(Referring expression grounding data)
Start of Block

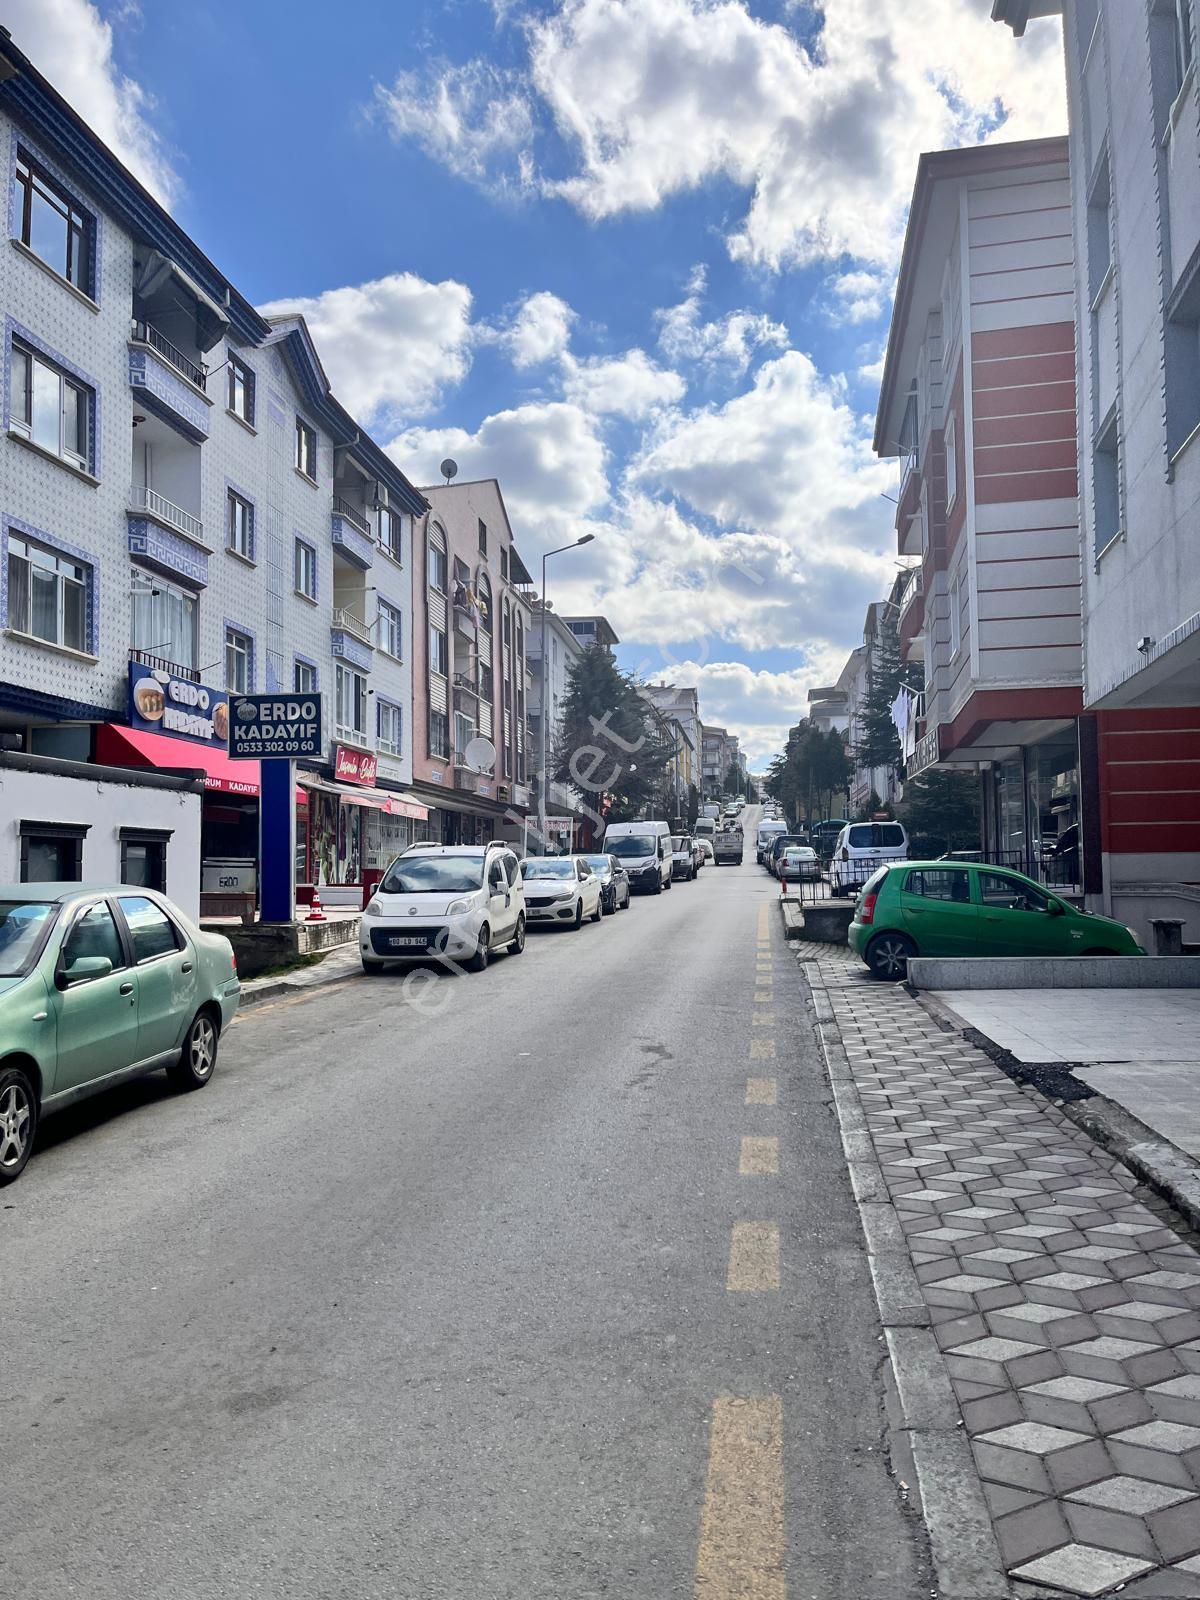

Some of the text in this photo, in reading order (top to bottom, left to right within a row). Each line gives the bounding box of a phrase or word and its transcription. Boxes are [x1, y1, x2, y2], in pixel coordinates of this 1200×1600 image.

[168, 681, 210, 710] ERDO
[260, 702, 317, 721] ERDO
[234, 723, 318, 740] KADAYIF
[237, 740, 315, 753] 0533 302 09 60
[228, 781, 258, 793] KADAYIF

End of Block

• TASK DIRECTIONS
With the pictures removed, print the entries above exactly.

• ANSWER
Some of the text in this photo, in reading order (top to bottom, left to right within a row). Each line gives the bounding box of a phrase or word and its transcription. Boxes are [x1, y1, x2, y2], in pixel coordinates of this 1200×1600 image.

[168, 681, 210, 710] ERDO
[260, 702, 317, 721] ERDO
[234, 723, 318, 740] KADAYIF
[237, 740, 315, 753] 0533 302 09 60
[228, 781, 258, 793] KADAYIF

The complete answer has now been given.